Social Security tax is imposed on the $104,100 salary paid to the American entrepreneur. Ordinarily wages earned abroad would not be subjected to U.S. Social Security tax but if the wages are paid by an “American employer” this rule does not apply. Pay the tax.
Bottom line: an S corporation allows for more efficient use of the foreign earned income exclusion than the sole proprietorship solutions.
The final category of business structures are the classic C corporation structures:
I will ignore the domestic C corporation structure. The foreign C corporation structure, however, is interesting to us. This is treated in a substantially new way for U.S. tax purposes because of the new tax law.
There are a lot of good reasons to use a foreign corporation that is taxed as a C corporation. One great one is to completely eliminate U.S. Social Security tax.
Wages paid to a U.S. person by a foreign corporation will not be subject to Social Security tax — for the employer or the employee.
In the good old days (before December, 2017), the reason to use a foreign C corporation was to achieve tax deferral. Can you earn a foreign profit this year and NOT pay U.S. income tax on that profit until a future year? This was the mega-multinational’s game, and mini-multinationals played it, too.
The new tax law eliminates the deferral game for the mega-multinational. Now there is no need for Apple to play games. Foreign income is received from its foreign subsidiaries without any U.S. income tax at all.
This only works when a foreign corporation is owned by a U.S. corporation. It does not work when the foreign corporation is owned by a human. Thus, foreign corporations (taxed by the U.S. as corporations) will probably be a poor choice for our American abroad.
What about foreign corporations for the mini-multinational? Let’s avoid technical discussions here, and look at friction costs as a deciding factor.
Even if you ignore technical details and math (never ignore math), the overhead and complexity of the new law make foreign C corporations unappealing.
I point you specifically at a lovely (heh) new piece of the Internal Revenue Code, Section 951A. Read this description of new Section 951A from ThomsonReuters:
New law. For tax years of foreign corporations that begin after Dec. 31, 2017, and for tax years of U.S. shareholders in which or with which such tax years of foreign corporations end, a U.S. shareholder of any CFC has to include in gross income for a tax year its global intangible low-taxed income (GILTI) in a manner generally similar to inclusions of subpart F income. GILTI means, with respect to any U.S. shareholder for the shareholder’s tax year, the excess (if any) of the shareholder’s “net CFC tested income” over the shareholder’s net deemed tangible income return.
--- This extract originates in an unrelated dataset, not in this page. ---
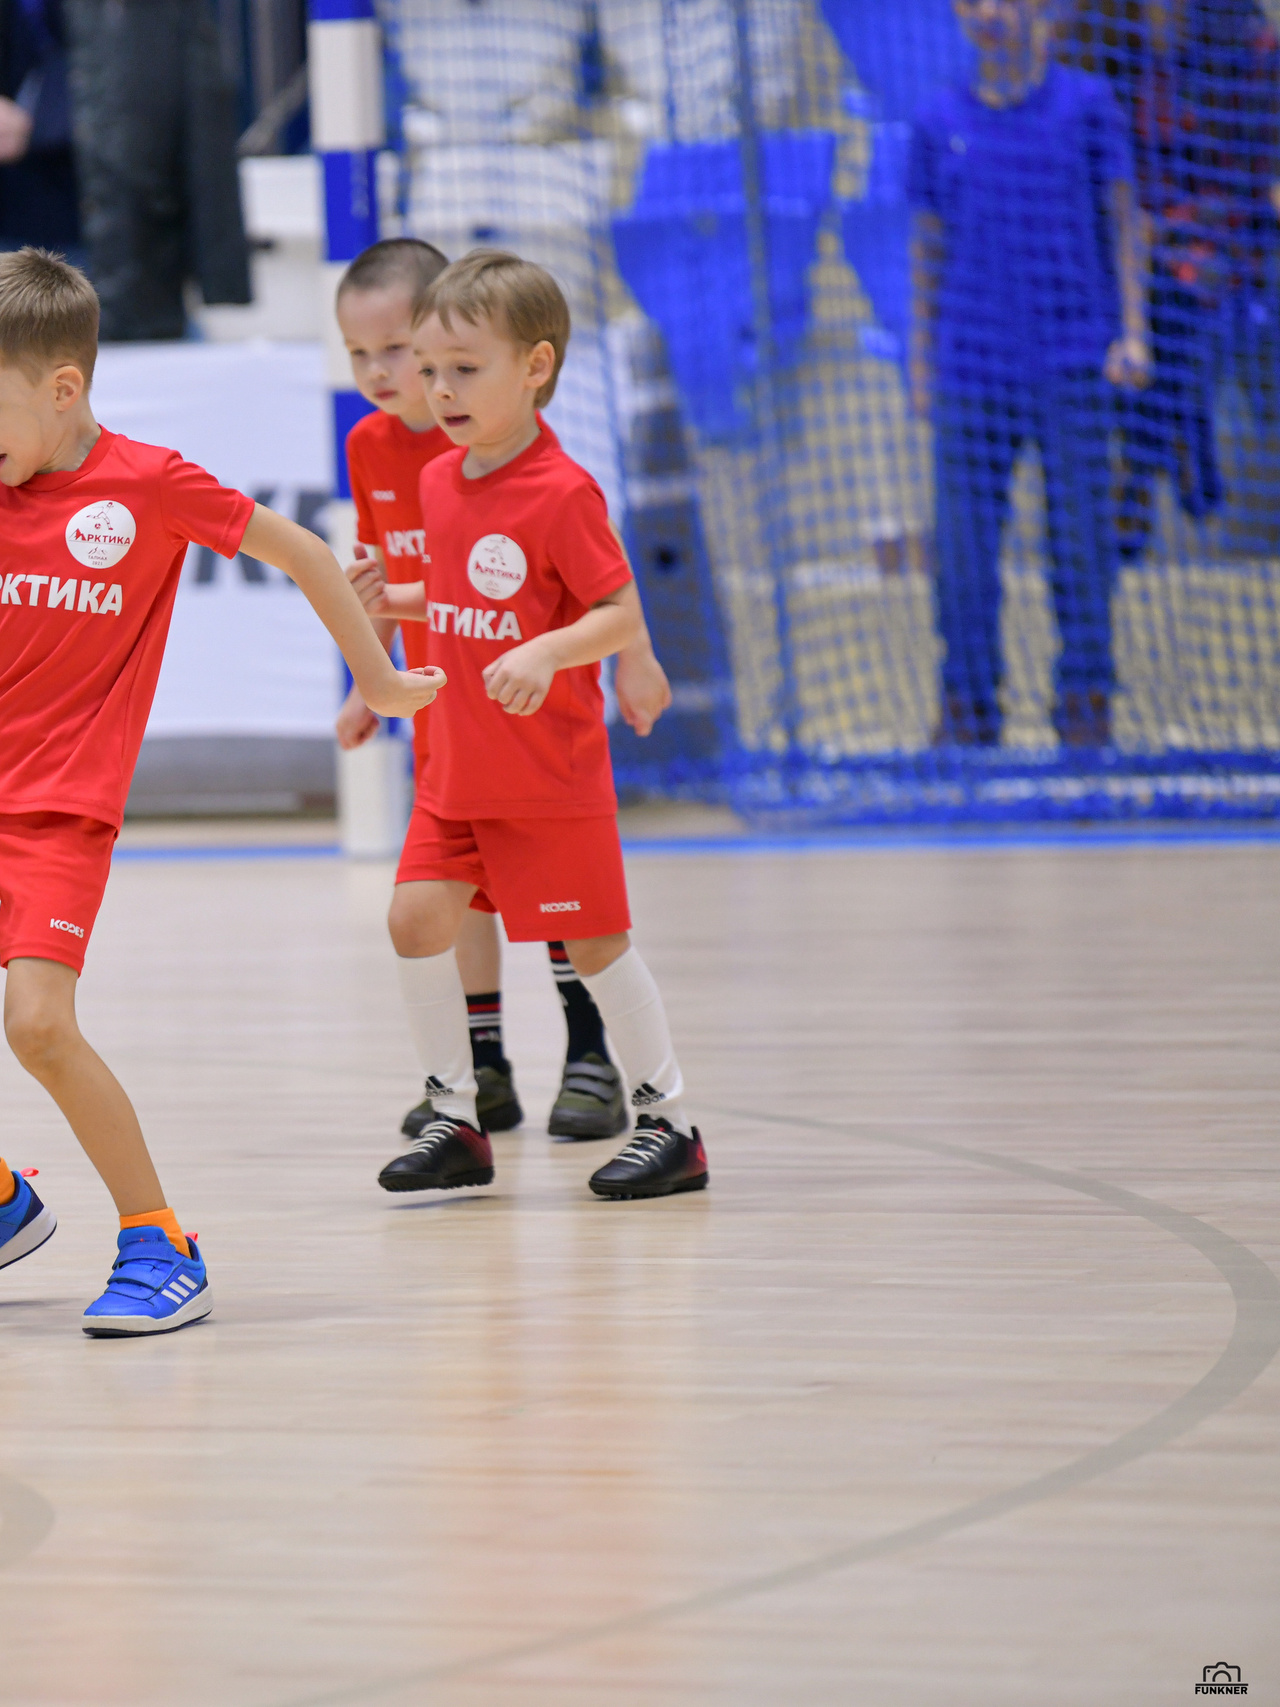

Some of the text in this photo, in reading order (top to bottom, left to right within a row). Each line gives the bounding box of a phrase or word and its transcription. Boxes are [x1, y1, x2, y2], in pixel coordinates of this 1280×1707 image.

[74, 528, 131, 545] АРКТИКА
[540, 901, 582, 913] KODES
[50, 918, 85, 939] KODES
The shareholder’s net deemed tangible income return is an amount equal to the excess of (i) 10% of the aggregate of the shareholder’s pro rata share of the qualified business asset investment (QBAI) of each CFC with respect to which it is a U.S. shareholder; over (ii) the amount of interest expense taken into account under Code Sec. 951A(c)(2)(A)(ii) in determining the shareholder’s net CFC tested income for the tax year to the extent the interest income attributable to the expense is not taken into account in determining the shareholder’s net CFC tested income.
Do you understand it? Nor do I, barely. It’s hard for me to parse those words in my head, and I do this stuff for a living in my day job.
You don’t need to understand what the words mean, however. Just know that every defined term, every piece of jargon, evern acronym–each of these mean you must pay for a lot of expensive accounting:
Mini-multinationals should avoid structures that require them to pay to get answers to questions raised by jargon like that.